Он собирается с визитом к своему другу Лукьянову в управление милиции Ленинграда. Из-за болезни визит откладывается вот уже шестой раз.

«И решил вымыть в связи с визитом голову. Я привык мыть голову шампунем, а шампуня как раз на том месте, где ему стоять, и не было. В силу того, что я стал старухой, я обиделся буквально до слез и стал выговаривать моей кроткой супруге, а она, напуганная, в свою очередь, буквально до слез, робко сунула мне в дверь золотистый флакон».

Несколькими неделями раньше пишет мне из Сосновы, под Ленинградом:

«...Искали у меня рак месяца три, не нашли на сегодняшний день, но нет таких крепостей... найдем».
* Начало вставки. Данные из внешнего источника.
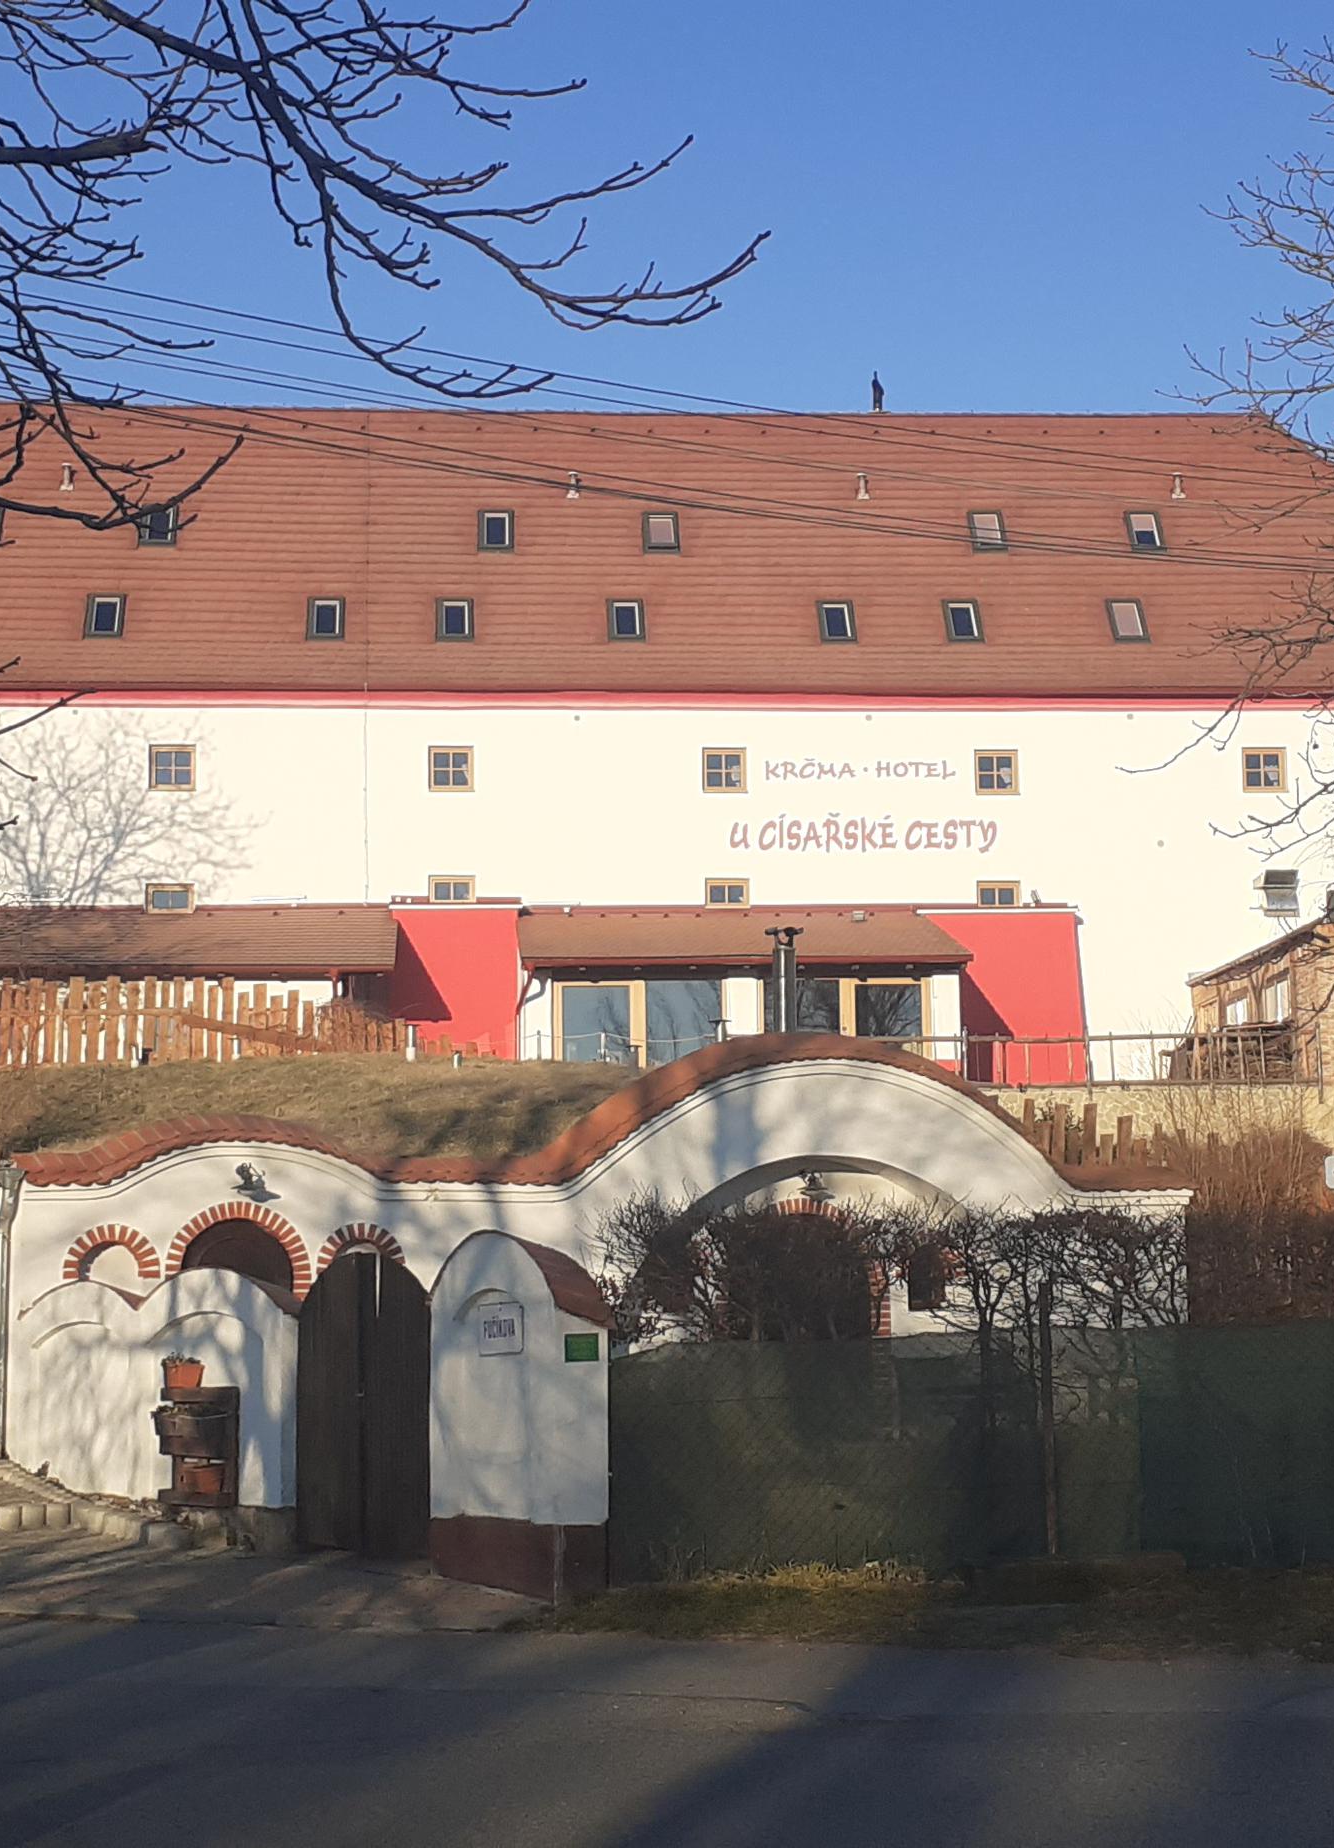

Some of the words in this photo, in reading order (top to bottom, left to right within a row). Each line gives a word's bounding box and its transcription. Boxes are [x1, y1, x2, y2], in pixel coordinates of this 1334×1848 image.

[765, 758, 857, 780] KRČMA
[875, 760, 957, 779] HOTEL
[730, 822, 751, 850] U
[758, 813, 898, 853] CÍSAŘSKÉ
[904, 818, 998, 853] CESTY
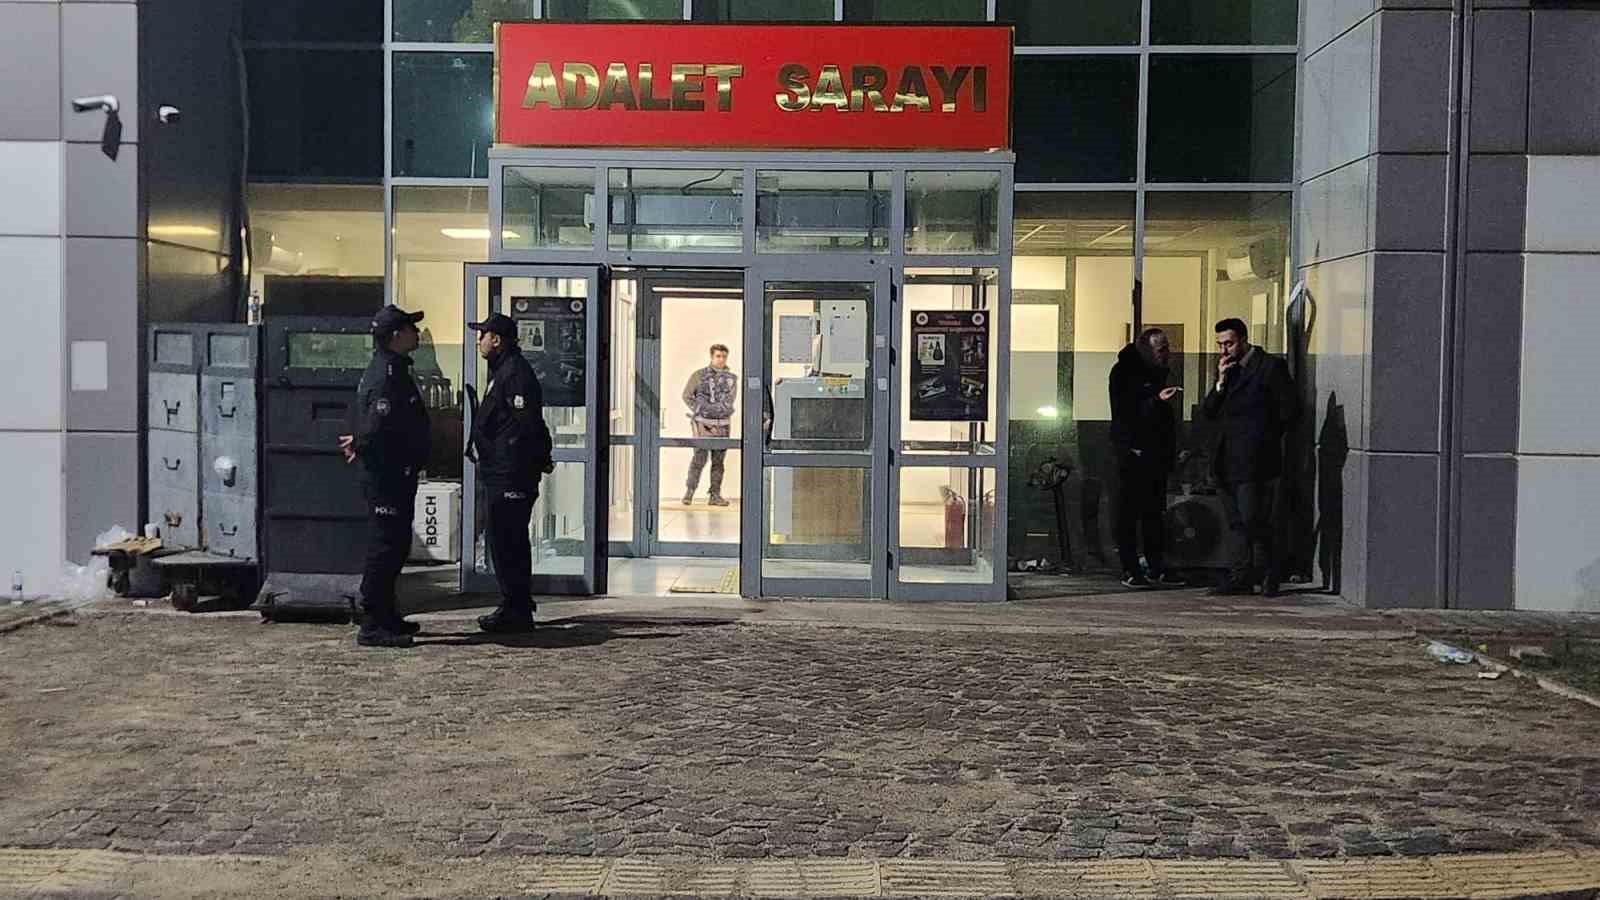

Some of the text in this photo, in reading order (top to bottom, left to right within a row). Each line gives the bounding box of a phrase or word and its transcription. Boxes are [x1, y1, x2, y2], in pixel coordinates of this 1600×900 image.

[521, 62, 988, 113] ADALET SARAYI
[425, 495, 437, 545] BOSCH
Смерть, или, как он иной раз называл ее по старинке, с незлобивым и фамильярным небрежением, костлявая, надвигается на него, ускоряя свой шаг, и он это знает.
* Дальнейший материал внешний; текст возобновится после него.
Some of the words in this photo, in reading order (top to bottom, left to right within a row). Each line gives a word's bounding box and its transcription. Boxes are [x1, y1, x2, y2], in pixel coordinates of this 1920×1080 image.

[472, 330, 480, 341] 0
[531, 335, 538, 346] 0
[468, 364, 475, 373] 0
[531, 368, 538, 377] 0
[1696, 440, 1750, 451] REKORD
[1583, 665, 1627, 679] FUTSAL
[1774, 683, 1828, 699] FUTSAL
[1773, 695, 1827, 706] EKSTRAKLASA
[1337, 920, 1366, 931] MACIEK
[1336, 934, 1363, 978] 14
И свои сроки, минимум и максимум, «от» и «до».

Вероятно, это очень страшно — знать, даже приблизительно, свои сроки, но он их знает.

Вычитал из книг.

Не надо для этого будто невзначай выспрашивать своих друзей-медиков, или украдкой рыться у них же на книжных полках, или навещать букинистов на Литейном, с которыми он поддерживает связь смолоду.

Книги по медицине, громоздкие, неформатные, в мрачноватых, если можно так сказать — нелюдимых, переплетах, неказистые, ультранесовременной внешности, чем-то похожие на тех самых земских врачей, перед которыми он благоговеет, как перед любимым Чеховым, который был тоже земский врач, — эти книги под рукою, тут же, в кабинете, на полках, тоже громоздких и неказистых.
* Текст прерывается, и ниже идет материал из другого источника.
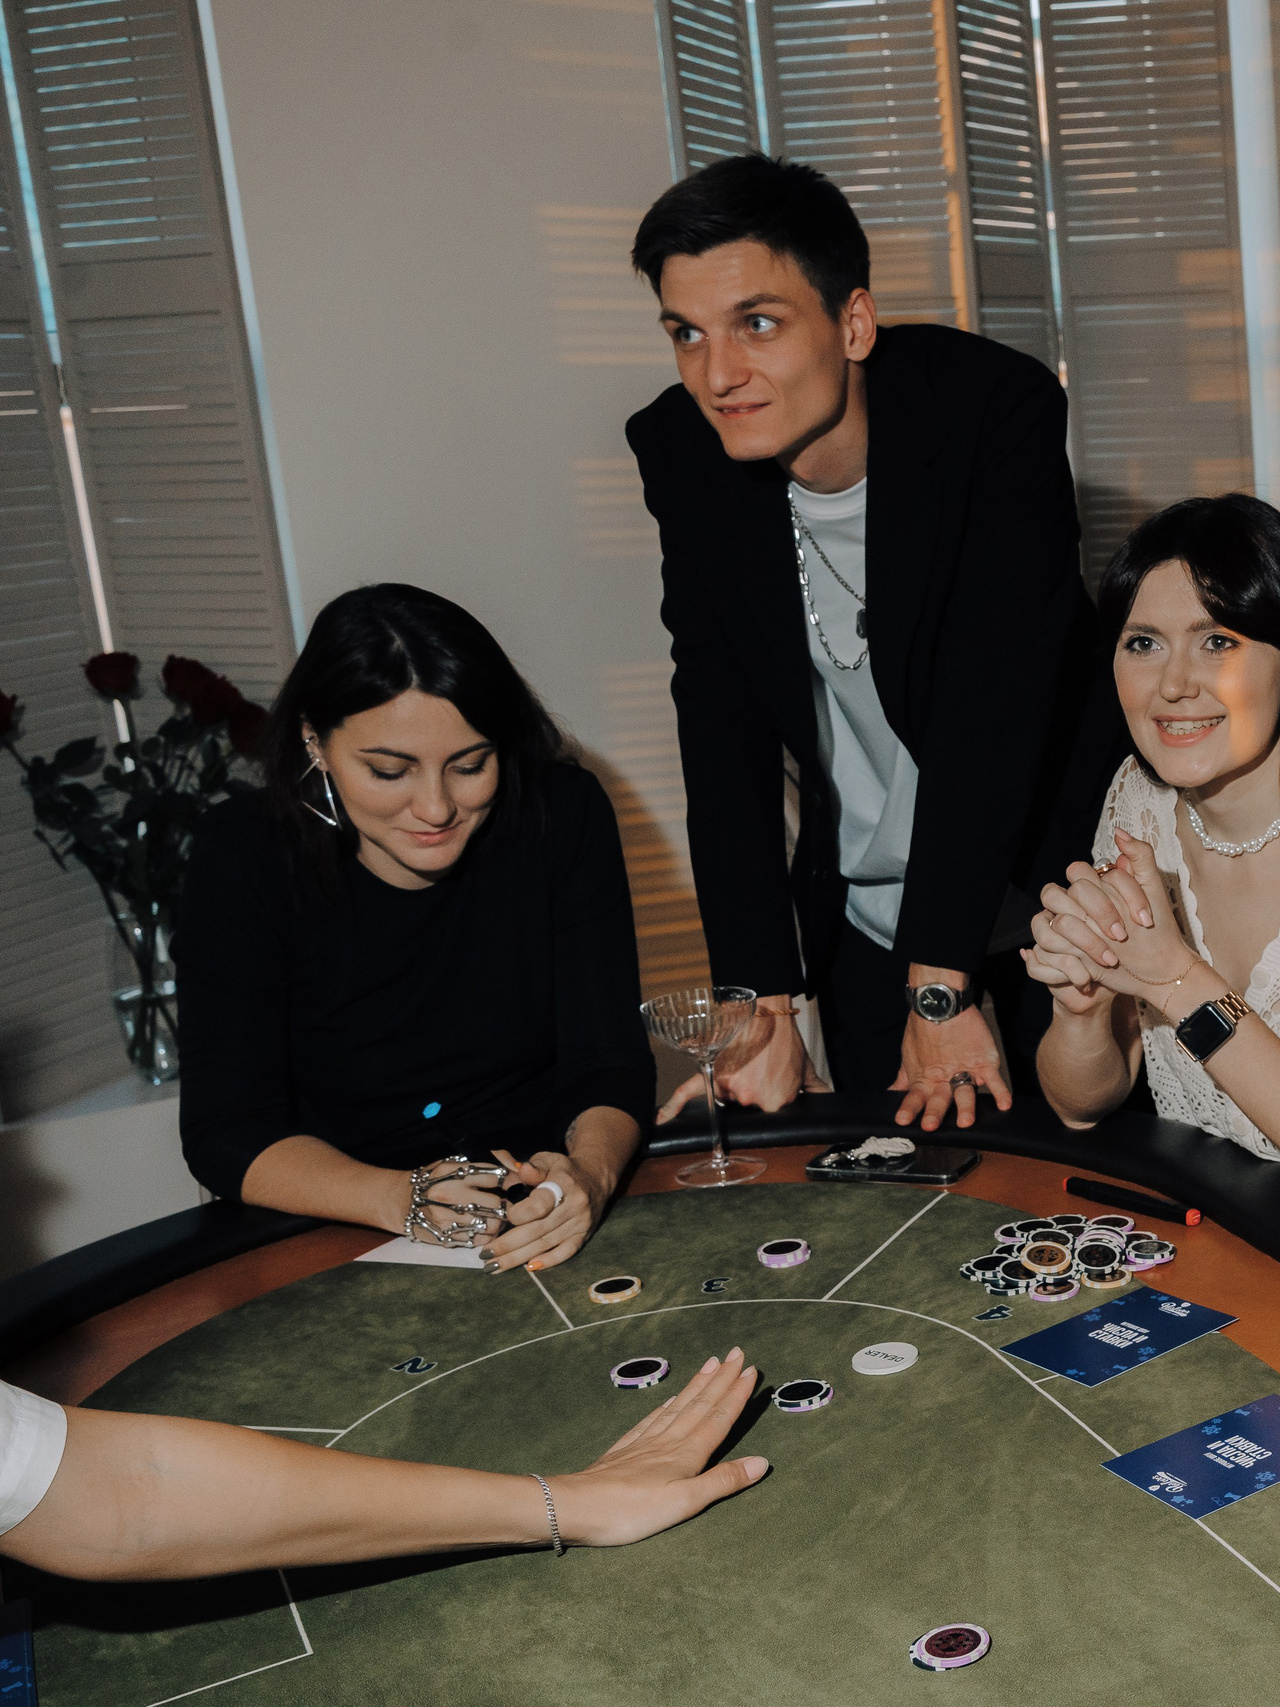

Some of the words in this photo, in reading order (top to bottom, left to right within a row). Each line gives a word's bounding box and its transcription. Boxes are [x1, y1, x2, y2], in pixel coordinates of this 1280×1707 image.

[702, 1277, 732, 1294] 3
[972, 1303, 1013, 1321] 4
[1088, 1329, 1133, 1348] СТАВКИ
[1101, 1322, 1139, 1340] ЧИСЛА
[1134, 1335, 1149, 1343] И
[864, 1349, 905, 1362] DEALER
[390, 1356, 438, 1374] 2
[1206, 1440, 1226, 1450] И
[1224, 1434, 1273, 1460] СТАВКИ
[1216, 1444, 1257, 1468] ЧИСЛА
Рукой подать от дивана, на котором он встретит конец.

Они всегда рядом с ним, рядом со всей его жизнью, книги по медицине, — и когда он был молод и здоров.

Одно из самых его постоянных чтений, если не самое постоянное.

Так что ничего не стоит ему узнать про свою болезнь раньше и больше всех.

И, узнав, поставить самому себе диагноз.

Как когда-то его любимый Чехов.

Из той же Сосновы писал мне:

«Правильно ли, что Таня, выпуская меня гулять на улицу, повязывает мою голову оренбургским платком? И сижу я на лавочке у дома со старухами. Правильно ли это с точки зрения науки и чуткости?»

Он даже знает, как это будет.

И описывает скрупулезно. Даже холодновато. Как бы поглядывая издали на свое отражение в зеркале.

В своей последней книге, в последнем письме своей героини, конечно же, медика Ашхен Оганян.

Нет. Не холодновато. Вновь перечитываю письмо Оганян, — нет, не холодноватость, напротив, скорей даже скрытое, запрятанное за иронией бешенство.

Начинается оно в манере писем самого Юрия Павловича поры его болезни:

«Вы получите это письмо только в том случае, когда я перестану существовать, что, как вам хорошо известно, назначено всем нам рано или поздно. От этого никуда не деться никому. Впрочем, профессор Карл Эрнст Байер, учитель моего деда, вовсе не был убежден, что должен умереть, поскольку, правда, известно, что все люди пока что умирали, но это вовсе не аксиома, основано лишь на практическом опыте, который вполне может измениться. Байер, разумеется, умер, а дед мой, недурной, кстати, впоследствии клиницист, сказал: еще один опыт провалился».

«В общем, мой друг Володя, «их штербе», как сказал удивительный доктор Чехов, умирая.

Пока! — как говорят нынешние молодые люди».

Нет, не холодновато. Ссылается на записки Пирогова — те, которые Пирогов обозначил словами «Дни страданий», это было незадолго до смерти хирурга.